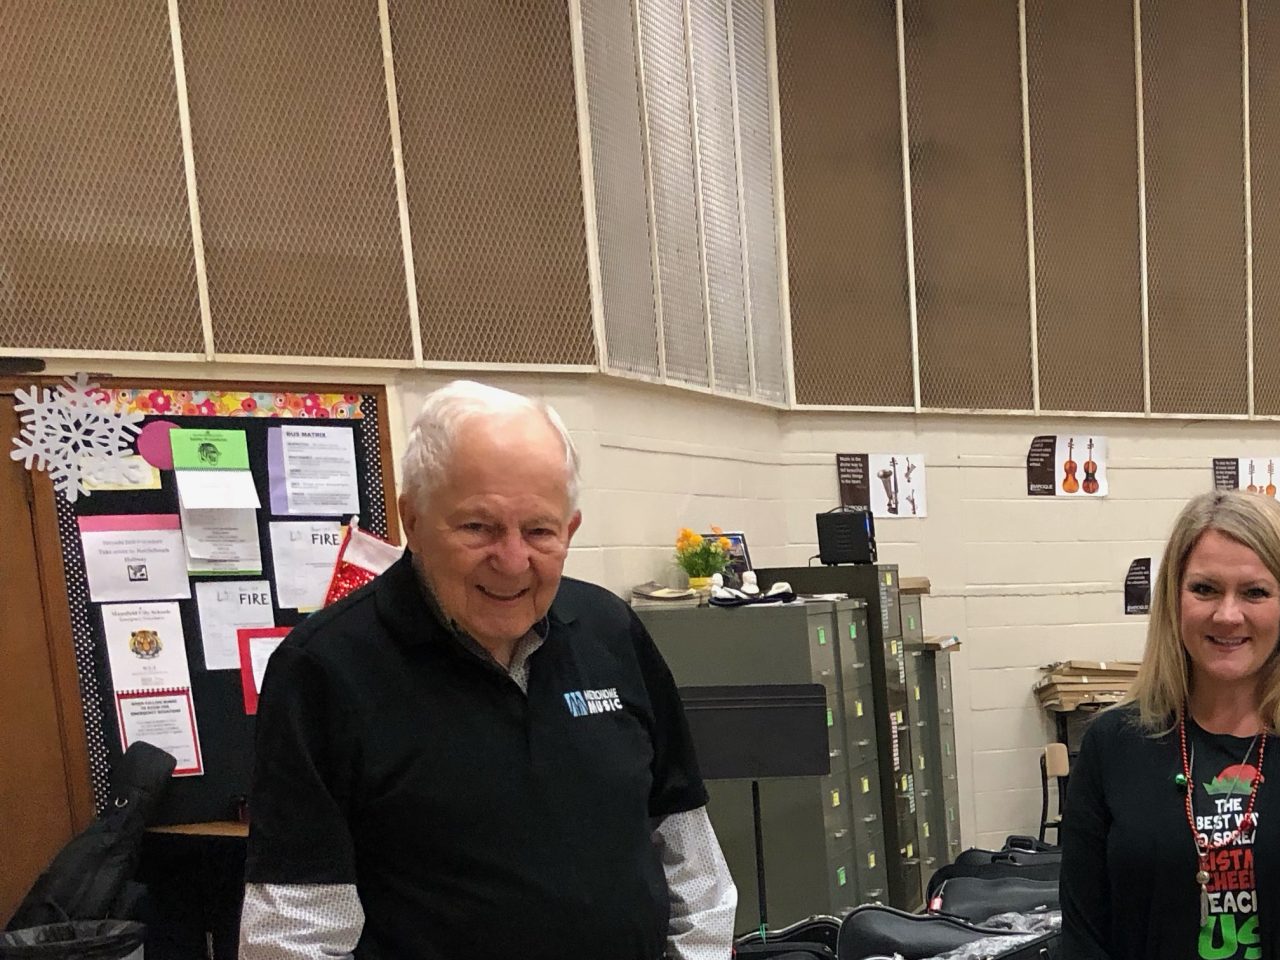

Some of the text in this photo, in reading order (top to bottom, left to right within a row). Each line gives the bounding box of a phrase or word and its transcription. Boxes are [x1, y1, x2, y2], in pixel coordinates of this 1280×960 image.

[311, 532, 341, 546] FIRE
[239, 592, 271, 606] FIRE
[587, 698, 623, 714] MUSIC
[1214, 797, 1243, 814] THE
[1195, 813, 1232, 831] BEST
[1206, 868, 1256, 892] CHEE

+ + + + + + +

__TASK BRIEF__.
The preceding entries are to be written out again exactly, with the pictures removed.

__RESPONSE__.
Some of the text in this photo, in reading order (top to bottom, left to right within a row). Each line gives the bounding box of a phrase or word and its transcription. Boxes are [x1, y1, x2, y2], in pixel coordinates of this 1280×960 image.

[311, 532, 341, 546] FIRE
[239, 592, 271, 606] FIRE
[587, 698, 623, 714] MUSIC
[1214, 797, 1243, 814] THE
[1195, 813, 1232, 831] BEST
[1206, 868, 1256, 892] CHEE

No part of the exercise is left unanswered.